An unlikely outcome? Yes. Unprecedented? Hmm.

“It’s happened before,” Sweden Coach Hardy Nilsson said. “At least, it happened in 1980.”

This result was just as unlikely as the U.S. college kids’ upset of the Soviet Union’s professional machine in the semifinals at Lake Placid, albeit without the Cold War subplot.

In a tournament loaded with NHL stars, the Belarussians had only one player currently in the league: Ruslan Salei of the Mighty Ducks. They had to win their pool in the qualifying tournament last week just to reach the final round. After a close loss to Russia, the Belarussians were pounded by identical 8-1 scores versus Finland and the United States. Sweden--led by Mats Sundin of the Toronto Maple Leafs and Salo of the Edmonton Oilers among its 18 NHL players--had played the best, most consistent hockey of any team during the final round.

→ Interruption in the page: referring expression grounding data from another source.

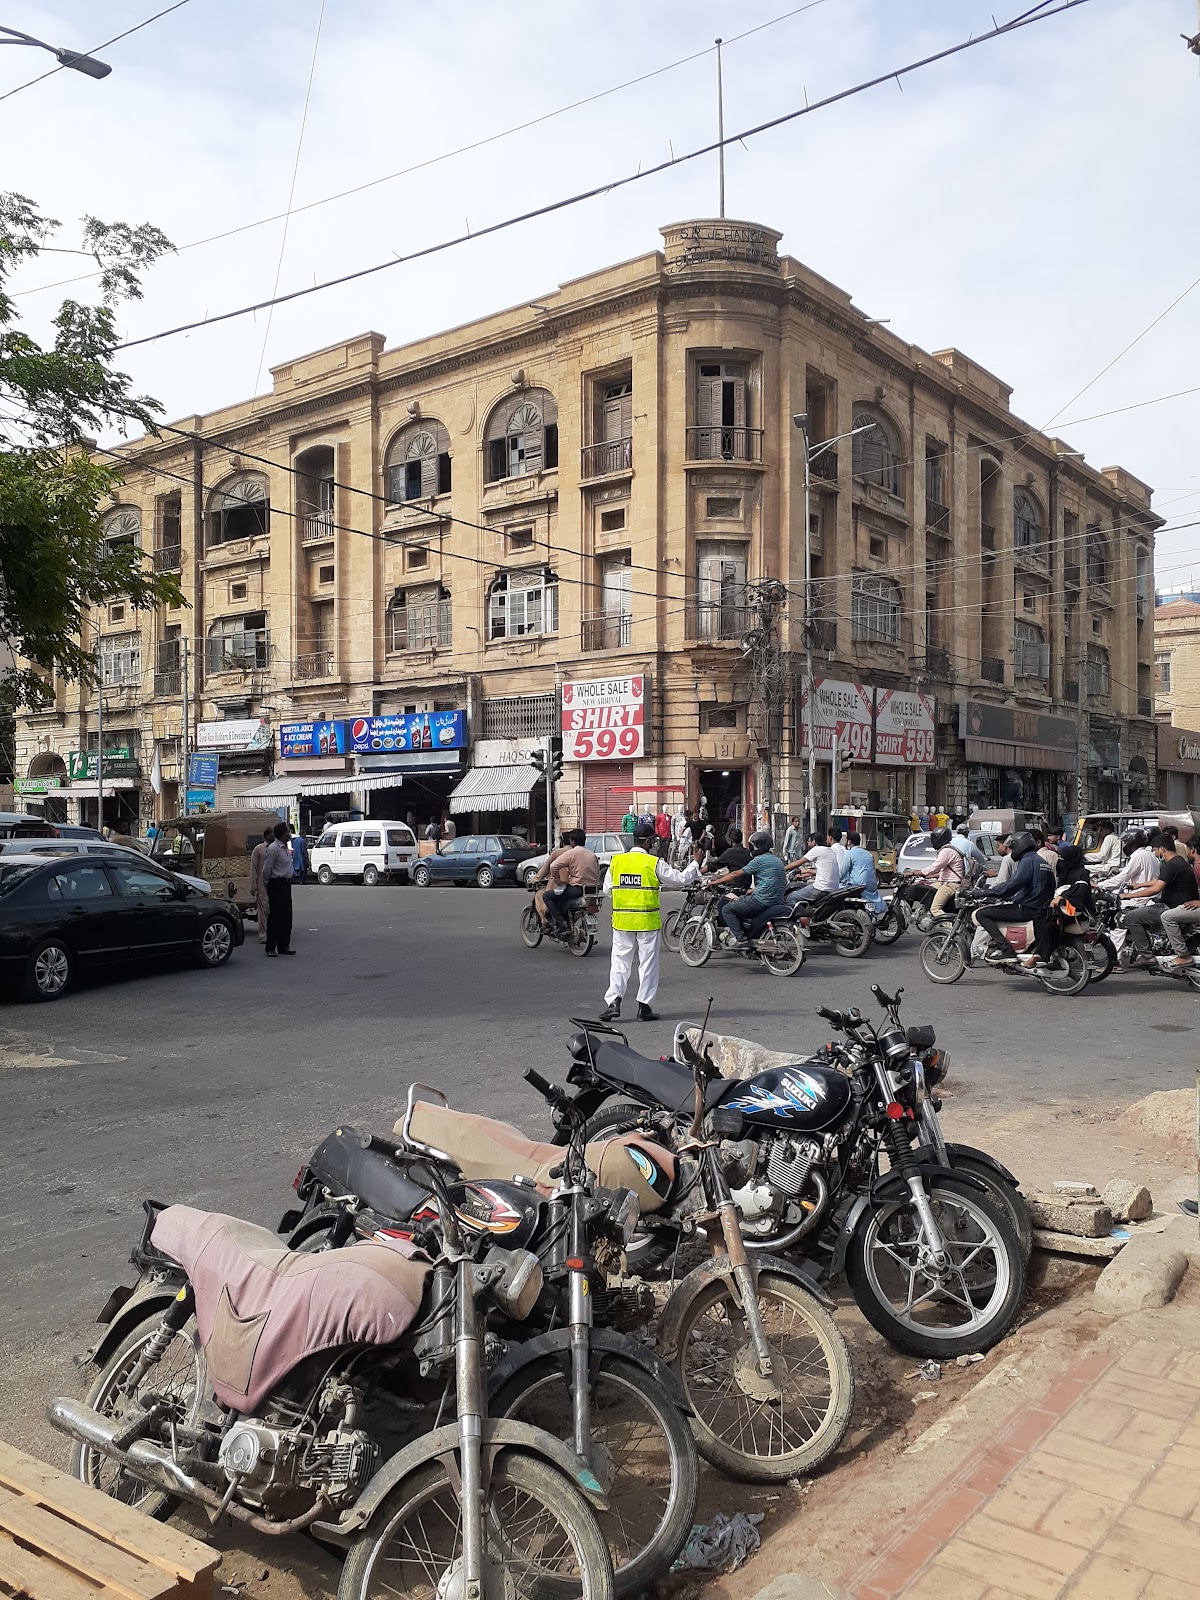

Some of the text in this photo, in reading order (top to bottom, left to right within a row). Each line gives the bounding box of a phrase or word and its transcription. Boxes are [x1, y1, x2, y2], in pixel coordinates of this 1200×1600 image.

[577, 681, 628, 697] WHOLE SALE
[583, 696, 622, 706] NEW ARRIVAL
[820, 689, 842, 707] WHOLE
[843, 693, 858, 709] SALE
[571, 704, 640, 730] SHIRT
[822, 707, 855, 720] NEW ARRIVAL
[891, 701, 922, 717] WHOLE SALE
[892, 717, 901, 726] NEW
[232, 730, 252, 741] Developers
[282, 726, 299, 734] QUETTA
[564, 727, 640, 759] Rs. 599
[838, 722, 872, 759] 499
[876, 730, 934, 762] SHIRT 599
[499, 749, 531, 763] HAQSO
[621, 875, 641, 885] POLICE
[781, 1077, 817, 1110] SUZUKI

“I think it’s unbelievable,” Salei said. “Absolutely incredible.

“Nobody gave us a chance, but we wanted to play the best we could.”

They exceeded Sweden’s effort and won on the flukiest goal of the tournament. Defenseman Vladimir Kopat, skating over the Olympic rings logo near center ice, fired the puck at Salo. Salo said it hit him “somewhere around my neck, and I thought I could get a glove on it. I think it hit my glove.”

It dropped behind him and then trickled across the goal line, just before diving Swedish defenseman Kenny Jonsson could reach it.

“If I said I wanted to make this goal, nobody would have believed me,” Kopat said through an interpreter. “I just shoot behind the red line, and that’s what happened.”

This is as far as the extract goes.